WHAT THIS TASK INVOLVES ▸ All of the data should be output character for character, except the pictures.

DATA IN THIS EXERCISE ▸
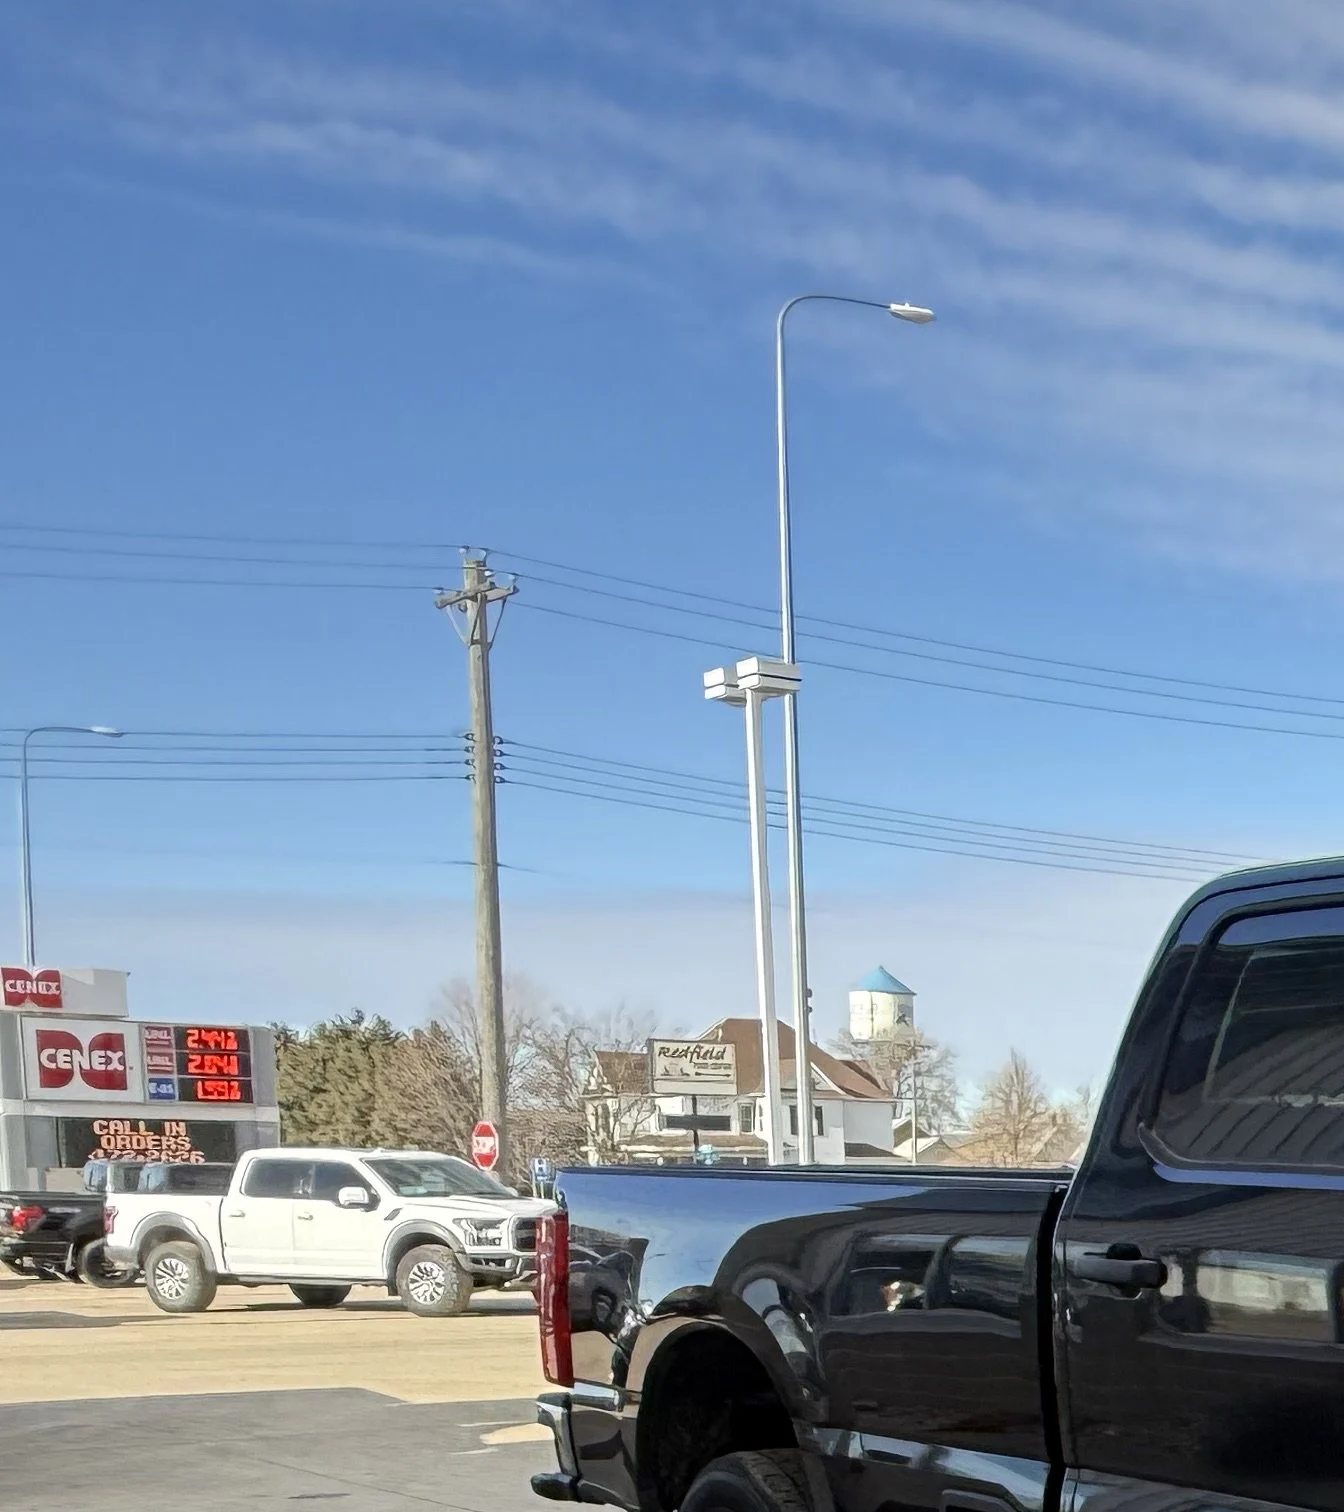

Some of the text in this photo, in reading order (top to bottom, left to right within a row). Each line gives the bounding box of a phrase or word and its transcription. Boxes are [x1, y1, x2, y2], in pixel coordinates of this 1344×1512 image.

[5, 980, 61, 995] CENEX
[39, 1048, 125, 1071] CENEX
[658, 1044, 727, 1063] Redfield
[93, 1120, 187, 1136] CALL IN
[100, 1135, 192, 1150] ORDERS

REPLY ▸
Some of the text in this photo, in reading order (top to bottom, left to right within a row). Each line gives the bounding box of a phrase or word and its transcription. Boxes are [x1, y1, x2, y2], in pixel coordinates of this 1344×1512 image.

[5, 980, 61, 995] CENEX
[39, 1048, 125, 1071] CENEX
[658, 1044, 727, 1063] Redfield
[93, 1120, 187, 1136] CALL IN
[100, 1135, 192, 1150] ORDERS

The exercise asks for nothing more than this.